CHAOSS Alignment: ✅ New Contributors

Use Case: Indicates project vitality and ability to grow its community.

---

Contributor Retention

Purpose: Evaluates whether contributors continue engagement over time.

Data Source: Historical contributor activity and commit patterns

Calculation:

• Tracks contributors across multiple time periods
• Measures return rate (percentage returning after initial contribution)
• Identifies long-term vs. one-time contributors

Scoring:

• High retention rate (60%+): 10/10 (Strong community)
• Moderate retention (40-60%): 7/10 (Good)
• Low retention (20-40%): 3/10 (High churn)
• Minimal retention (<20%): 0/10 (One-time contributors only)

Status Levels:

• None: Strong contributor retention
• Low: Moderate churn
• Medium: Significant churn
• High: Severe contributor loss

CHAOSS Alignment: ✅ Inverse of Inactive Contributors

Use Case: Assess community stickiness and contributor satisfaction.

---

Community Health

Purpose: Measures how quickly maintainers respond to issues.

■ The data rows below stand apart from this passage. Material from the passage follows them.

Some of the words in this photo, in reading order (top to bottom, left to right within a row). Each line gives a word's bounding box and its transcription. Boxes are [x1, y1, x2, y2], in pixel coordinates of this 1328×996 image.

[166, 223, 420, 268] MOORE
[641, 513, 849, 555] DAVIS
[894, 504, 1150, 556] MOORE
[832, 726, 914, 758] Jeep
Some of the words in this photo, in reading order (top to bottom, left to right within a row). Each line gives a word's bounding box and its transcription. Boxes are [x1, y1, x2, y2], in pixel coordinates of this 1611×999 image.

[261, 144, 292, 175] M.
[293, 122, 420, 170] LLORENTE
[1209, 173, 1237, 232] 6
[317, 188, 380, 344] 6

Data Source: GitHub Issues API (creation date, first response date)

Calculation:

• Measures time from issue creation to first response
• Focuses on recent open issues with comments
• Treats low-issue volume as a healthy or early-stage signal

Scoring:

• Response within 48 hours: 10/10 (Excellent)
• <7 days: 6/10 (Good)
• 7-30 days: 2/10 (Needs attention)

• 30 days: 0/10 (Needs attention)

Special Cases:

• No open issues: 10/10 (Well-maintained or low activity)
• No recent responses: 6/10 (Limited response data)

Status Levels:

• None: Quick response times or low issue volume
• Low: Timely responses
• Medium: Delayed responses
• High: Responses take longer than typical

CHAOSS Alignment: ✅ Issue Response Time, Time to First Response

Use Case: Evaluate maintainer engagement and project support quality.

---

Change Request Resolution

Purpose: Measures the speed at which pull requests are merged.

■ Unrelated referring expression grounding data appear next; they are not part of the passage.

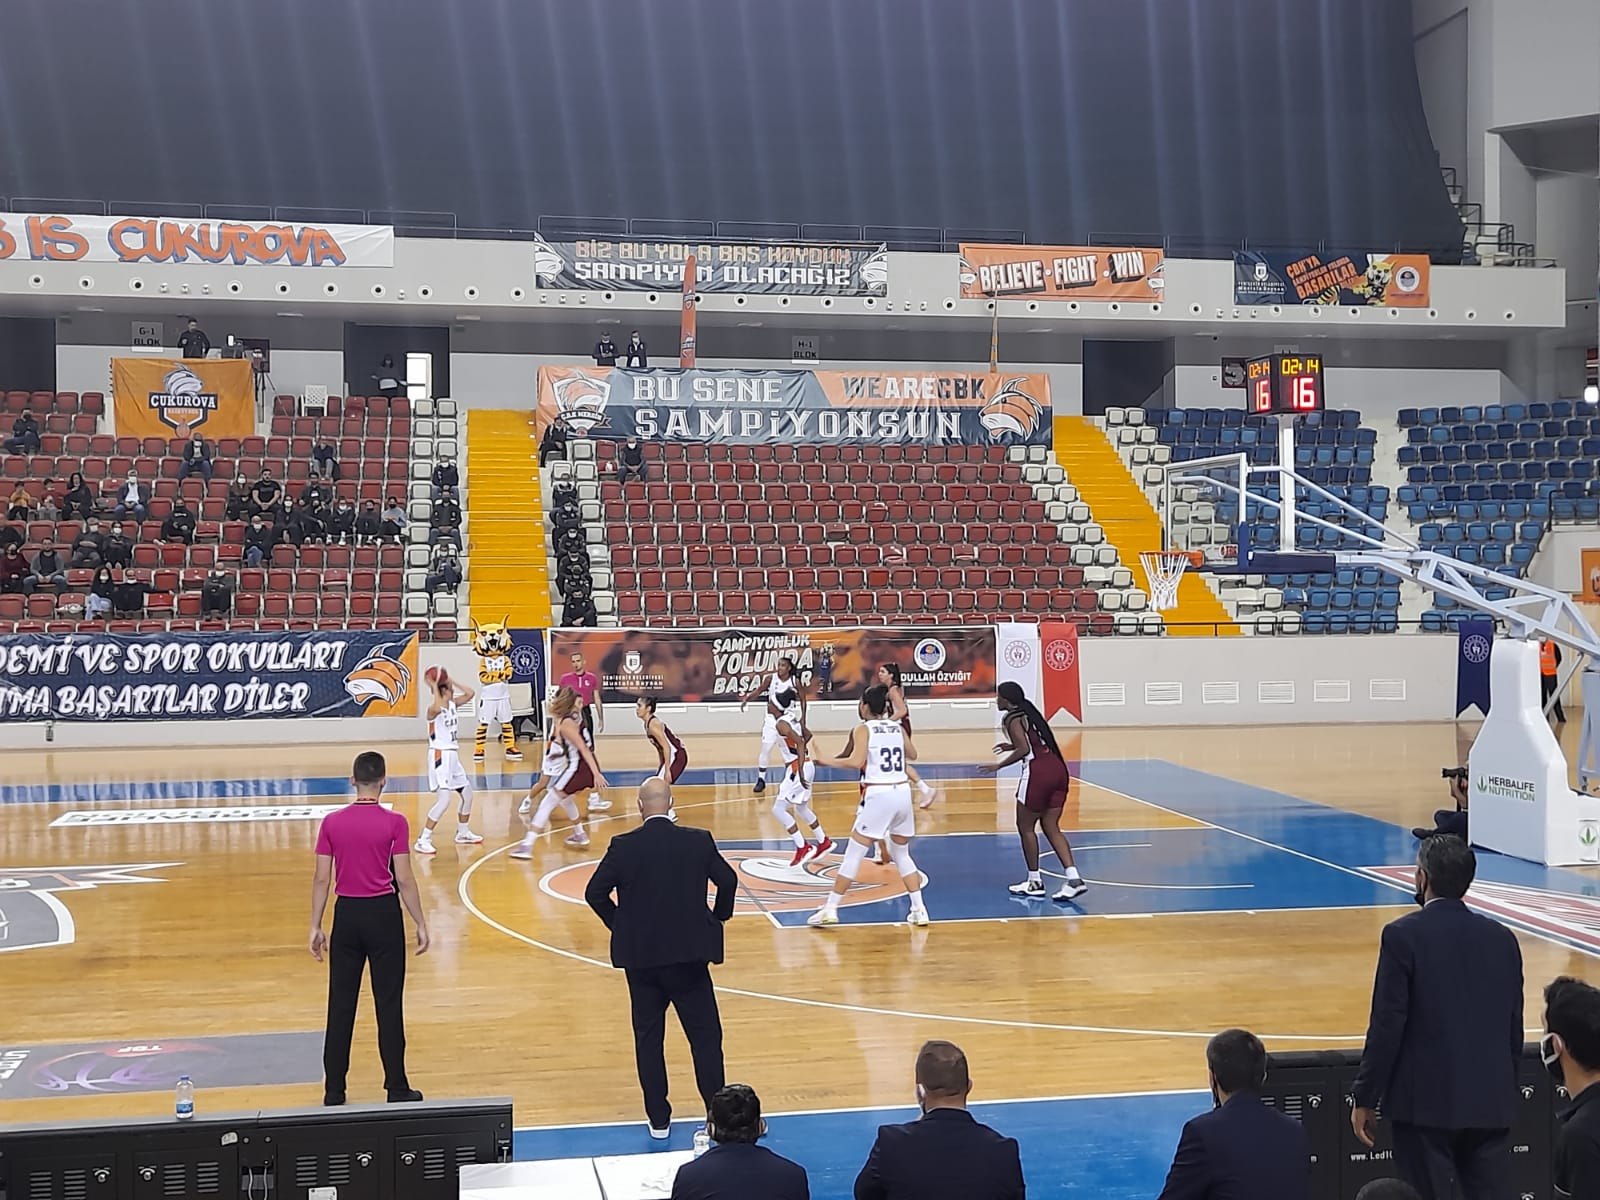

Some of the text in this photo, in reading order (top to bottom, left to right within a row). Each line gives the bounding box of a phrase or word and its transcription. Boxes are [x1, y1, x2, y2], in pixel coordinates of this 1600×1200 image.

[26, 216, 89, 260] IS
[620, 242, 648, 259] BU
[979, 251, 1146, 292] BELIEVE FIGHT WIN
[133, 337, 161, 346] BLOK
[139, 327, 155, 335] G-1
[793, 351, 817, 359] BLOK
[1281, 358, 1319, 375] 02:14
[1248, 360, 1270, 379] 02:14
[632, 376, 681, 400] BU
[693, 377, 783, 402] SENE
[1255, 380, 1270, 413] 16
[1292, 377, 1315, 408] 16
[635, 408, 962, 440] ŞAMPİYONSUN
[75, 643, 122, 675] VE
[124, 642, 202, 673] SPOR
[223, 676, 311, 713] DİLER
[880, 746, 903, 772] 33
[1488, 775, 1536, 793] HERBALIFE
[1488, 785, 1536, 802] NUTRITION

Data Source: GitHub Pull Requests API (creation date, merge date)

Calculation:

• Analyzes time from PR creation to merge
• Measures across recent PRs
• Accounts for review cycles and feedback iterations

Scoring:

• Merge within 3 days: 10/10 (Excellent)
• 3-10 days: 7/10 (Good)
• 10-30 days: 4/10 (Moderate)

• 30 days: 0/10 (Slow)

Special Cases:

• Closed without merge (rejected PRs): Scored separately
• Stale PRs without activity: 0/10 (Abandoned)

Status Levels:

• None: Fast merging
• Low: Reasonable turnaround
• Medium: Slow review cycle
• High: Stalled PRs

CHAOSS Alignment: ✅ Change Request Review Duration

Use Case: Assess developer experience and maintainer capacity.

---

Review Health

Purpose: Evaluates the quality and thoroughness of code reviews.

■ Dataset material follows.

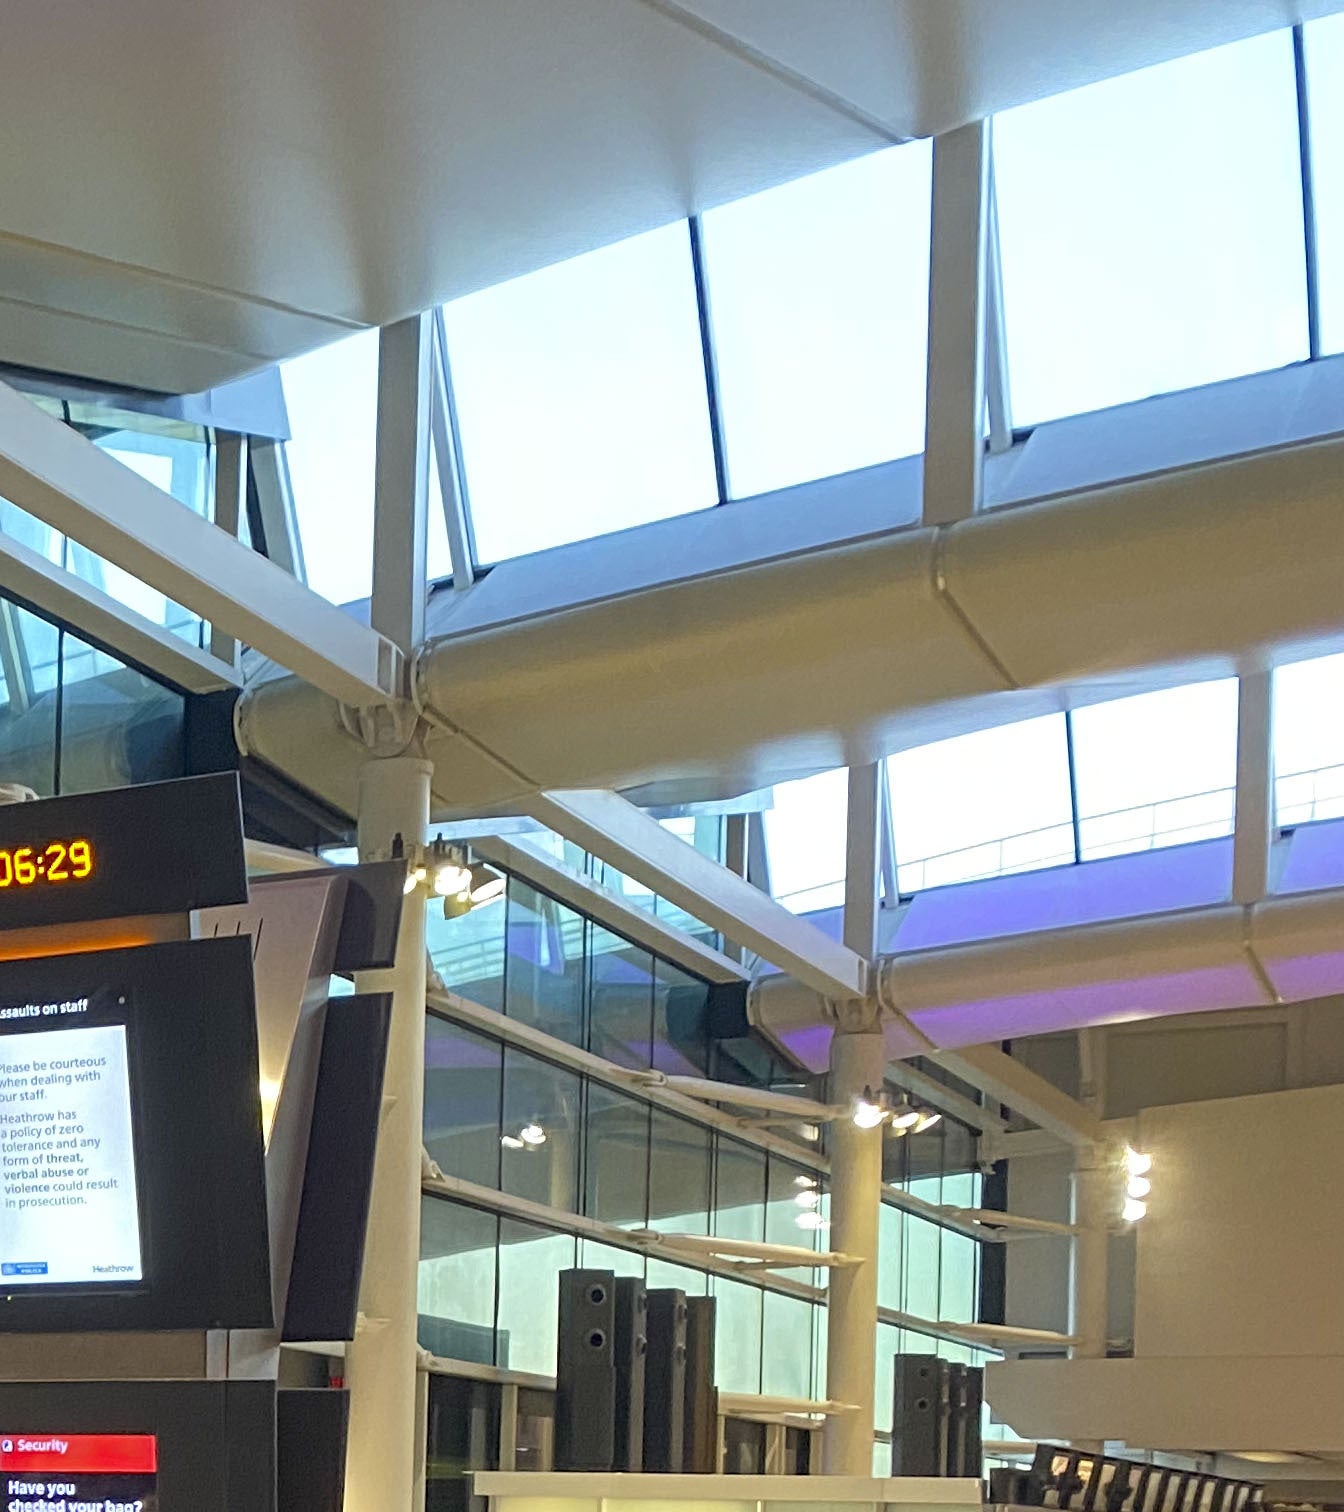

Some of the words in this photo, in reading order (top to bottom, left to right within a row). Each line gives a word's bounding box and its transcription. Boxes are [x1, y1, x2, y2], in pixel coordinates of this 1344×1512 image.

Data Source: GitHub PR reviews (review comments, approval workflow)

Calculation:

• Counts review comments per PR
• Measures review count before merge
• Identifies patterns of thorough vs. rubber-stamp reviews

Scoring:

• Regular, constructive reviews (3+ comments per PR): 10/10 (Thorough)
• Adequate reviews (1-3 comments): 7/10 (Good)
• Minimal reviews (<1 comment avg): 3/10 (Light review)
• Auto-merge or no reviews: 0/10 (No quality gate)

Status Levels:

• None: Thorough review process
• Low: Adequate review
• Medium: Light review
• High: Insufficient review

CHAOSS Alignment: ✅ Change Request Reviews, Review Cycle Duration

Use Case: Indicates code quality standards and maintainer involvement.

---

Quality & Maintenance Metrics

Build Health

Purpose: Indicates whether automated tests and CI/CD are passing.

Data Source: GitHub commit status checks, Actions CI logs

Calculation:

• Checks latest commit CI status
• Analyzes test pass rate
• Identifies build failures

Scoring:

• All recent builds passing: 10/10 (Healthy)
• Most pass (>80%): 7/10 (Good)
• Some failures (50-80%): 3/10 (Concerning)
• Most fail (<50%): 0/10 (Broken)

Status Levels:

• None: CI/CD working well
• Low: Mostly passing builds
• Medium: Frequent failures
• High: Broken build pipeline

CHAOSS Alignment: ⚠️ Partial - Related to Test Coverage

Use Case: Assess code quality and regression prevention.

---

Security Signals

Purpose: Checks for security best practices and vulnerability disclosure.

Data Source: GitHub Security tab (dependabot alerts, security policies)

Calculation:

• Detects SECURITY.md policy
• Counts open security alerts
• Checks for known vulnerabilities

Scoring:

• Security policy + no alerts: 10/10 (Excellent)
• Security policy present: 8/10 (Good)
• Few alerts, no policy: 4/10 (Moderate)
• Multiple unresolved alerts: 0/10 (Poor)

Status Levels:

• None: Proactive security
• Low: Managed vulnerabilities
• Medium: Some concerns
• High: Unaddressed vulnerabilities

CHAOSS Alignment: ⚠️ Partial - Related to OpenSSF Best Practices Badge

Use Case: Evaluate supply chain security concerns.

---

Code of Conduct

Purpose: Checks whether the project has adopted a community code of conduct.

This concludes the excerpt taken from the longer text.